Quartier de Montparnasse, juste à côté du cimetière du même nom s’étale le boulevard Raspail. Au numéro 270, une maison d’apparence bourgeoise. Rien, mais absolument rien, ne la distingue d’une autre maison du coin. Ah si les murs pouvaient parler! En août 1901, deux dames séjournent dans cette maison. Elles sont Anglaises et appartiennent à la bourgeoisie de leur pays. L’une d’elles connait assez bien Paris, car son appartement sert à loger périodiquement de jeunes compatriotes féminines venues potasser notre belle langue et essayer de comprendre quelque chose quand on parle l’argot. Elle est rejointe par une amie durant ce bel été. Jusque-là rien de particulier, pourtant elles vont être à l’origine d’une histoire qui défraya la chronique et qui fit couler beaucoup d’encre, spécialement dans les bouquins qui la racontent. Il y a tant de chose à voir à Paris que l’on décide d’aller à Versailles. Nous sommes le 10 août, il fait chaud et le temps est orageux. Elles visitent le château puis vont se balader dans les nombreux parcs qui l’entourent. Elles s’égarent dans les allées en cherchant le petit Trianon. En cours de route, elles croisent des personnages bizarrement vêtus, des homme et des femmes qui ont l’air de s’habiller selon une mode ancienne. Sans l’avouer sur l’instant, elle ressentent une impression de malaise et d’angoisse qui vont crecendo, surtout en croisant un bonhomme qui les regarde méchamment. Un autre plus avenant leur débite des paroles peu compréhensives, dont elles retiennent juste qu’il faut tourner à droite. Elles finissent leur errance brusquement entourées par une noce.
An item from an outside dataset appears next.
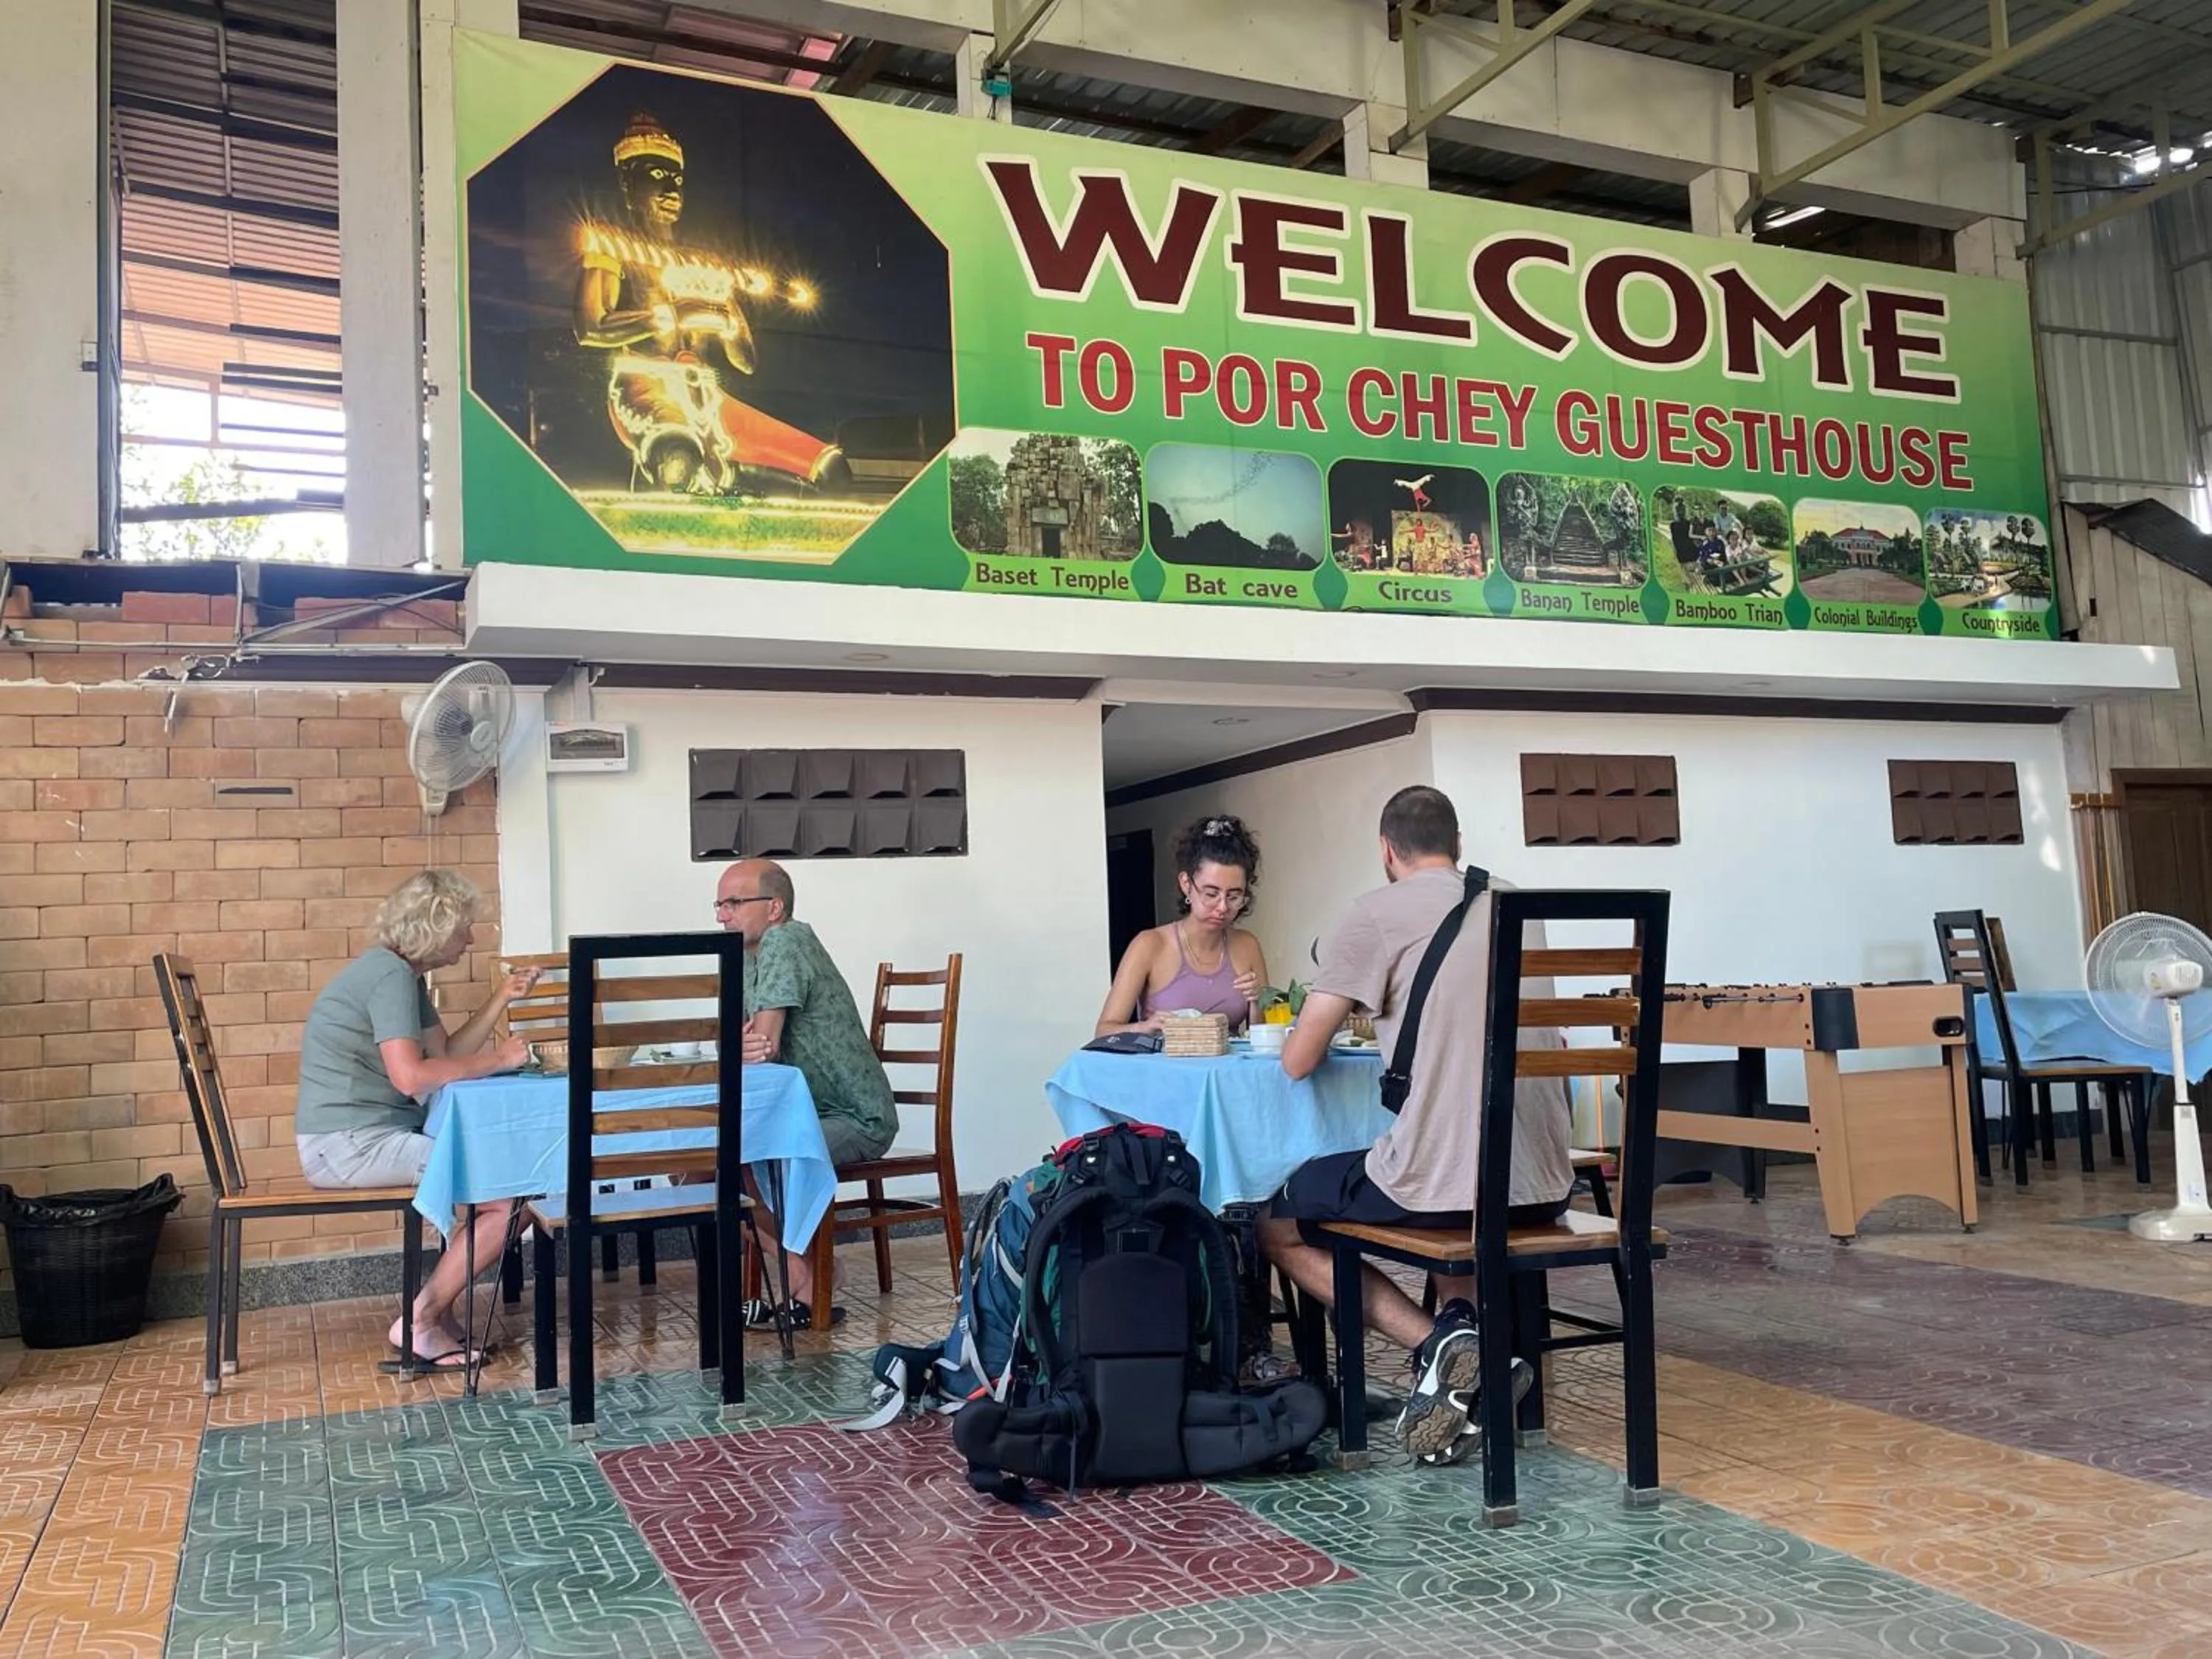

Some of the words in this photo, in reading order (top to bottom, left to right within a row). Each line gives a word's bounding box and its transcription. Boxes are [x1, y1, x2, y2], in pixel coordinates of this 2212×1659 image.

De retour à la maison, elle parlent de leur journée est constatent un fait troublant, bien qu’étant ensemble, à certains moments elle n’ont pas vu tout à fait la même chose. Une des visiteuses, ayant plus tard vu un portrait de Marie-Antoinette lui trouve un ressemblance certaine avec une des personnes aperçues pendant leur promenade. Quelques mois plus tard, pour un tas des raisons, étant persuadées d’avoir fait un voyage dans l’espace temps, elles approfondissent leur connaissances et retournent même à Versailles. Après avoir bien réfléchi, elles décident de publier un livre relatant leur aventure, mais sous un pseudonyme. Il sortira en 1911 et deviendra pratiquement une sorte de best-seller de l’époque et sera plusieurs fois réédité. Ce n’est que bien plus tard, après la mort des deux dames que l’on connaîtra leur vrai nom, Eleanor Jourdain, Charlotte Anne Moberly.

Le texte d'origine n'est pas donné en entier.